Current practice is merely to record a list of RFID tags, with little recognition of the fact that original RFID tags may have fallen out, and that an animal’s history is no longer easily available.

It could take days to cover a herd in this way. Often the numbers were different: the reason for the discrepancy wasn’t always clear but it gave clues to the locations and people who had crossed paths with these animals. All of this information painted an important picture, but only if someone wanted to understand it. “You don’t go sticking these lifetime identifiers in for no good reason,” the source said.

Federated Farmers president and West Coast dairy farmer Katie Milne said she told MPI early in the M bovis response “don’t forget there is participant codes, and the MINDA system that can be and should be used to help with this”.

The dairy industry’s herd recording system, MINDA, could have offered clues, Milne said.

‘Surely MPI would not want to leave any stone unturned, yet there appears to be a riverbed that they are failing to navigate.’

If there was no EID (electronic tag) it may have been another way to track the origins of some animals.

“It would have been good that they utilise whatever unique identifiers were in cows’ ears. It seems a real shame that opportunity hasn’t always been utilised.”

Dairy farmers had to be able to recognise their stock instantly by eye, moving at speed. In the field it was often impractical to rely on a wand to scan stock for a 15-digit ID number.

“A visual tag is how farmers do their work, day to day.”

Milne said unfortunately brass tags were becoming a thing of the past, despite being the most reliable for retention in a cow’s ear.

“There are hundreds of thousands of cows that still have these unique identifiers, and once a cow is recorded in this manner in MINDA it stays there for ever. Even when a cow is dead she just has a status change and goes into the ‘historic herd history’ – what used to be called the dead cow file.”

MINDA allowed farmers to retrieve life-time production, calvings and ancestry, for instance. The system also provided a back-up source of herd information in case a farmer accidentally recorded the wrong cow as culled.

The source said it was also essential that farmers keep reliable herd records, including MINDA data. When a “linked” RFID fell out, a farmer should update records and remove the old RFID so Nait and MINDA have the correct lifetime identifiers loaded. “Often this is overlooked, meaning an RFID means nothing.”

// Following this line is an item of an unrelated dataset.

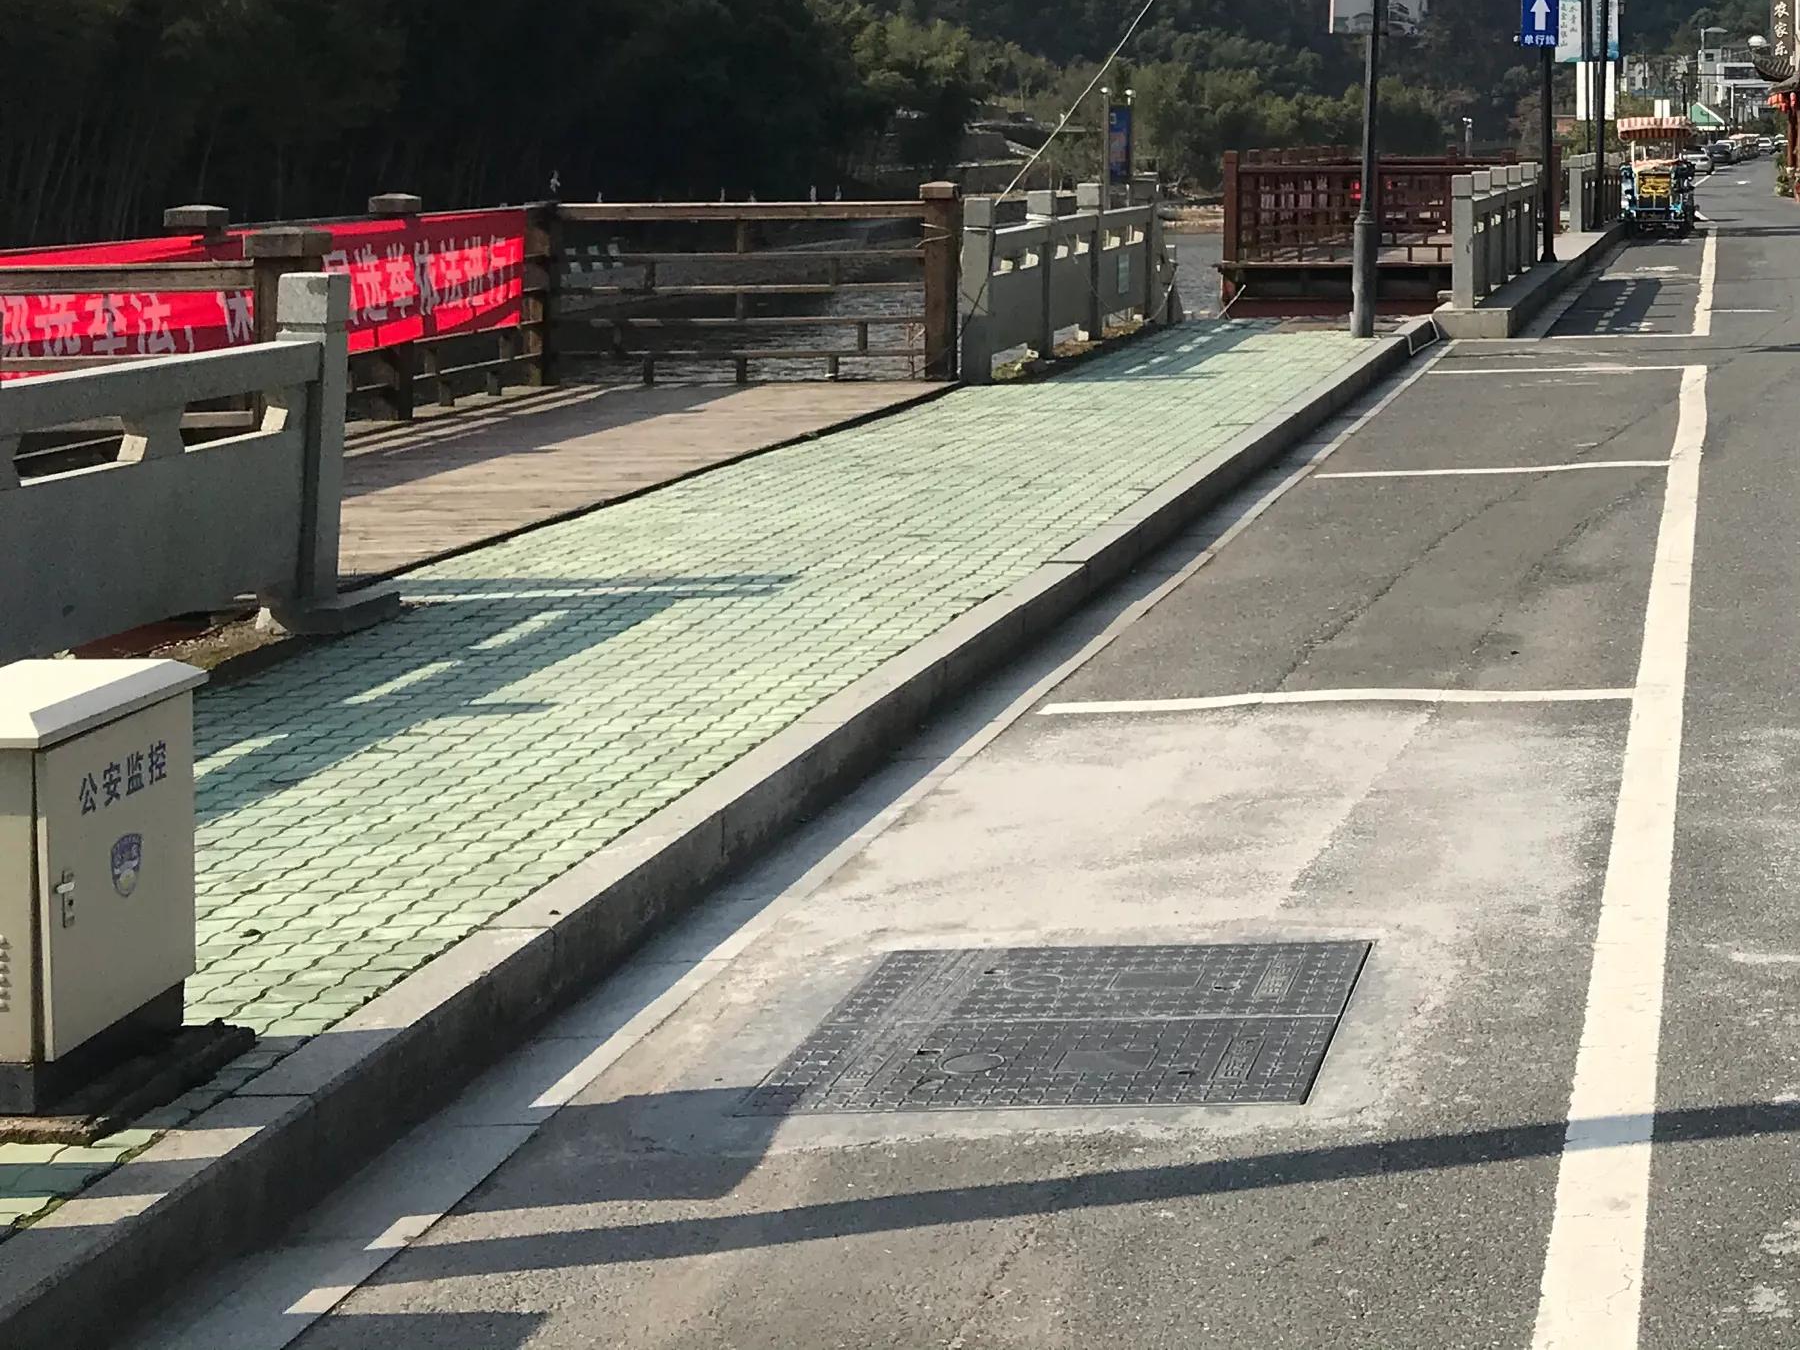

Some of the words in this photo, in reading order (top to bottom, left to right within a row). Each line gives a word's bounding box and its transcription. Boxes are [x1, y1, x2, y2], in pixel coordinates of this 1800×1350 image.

MPI M bovis programme director, Geoff Gwyn, said it had a team working solely on the tracing and verifying of animal movements through Nait and other records, including Animal Health Board papers, LIC’s MINDA database, stock trucks, abbatoir and stock records, census lists, and RFID and ear tagnumbers. MPI could, and does, ask LIC for MINDA information, and it does scan tags against current NAIT and MINDA account to reconcile data. MPI also asked farmers for written records and to recall information about historic animal movements.

Not all trace animals had been identified. This was usually because there were incomplete records for the animal’s movements, Gwyn said.

“We are committed to leaving no stone unturned in our effort to eradicate the M bovis bacteria from New Zealand. To do this, we use every available source of information to trace its spread,” he said.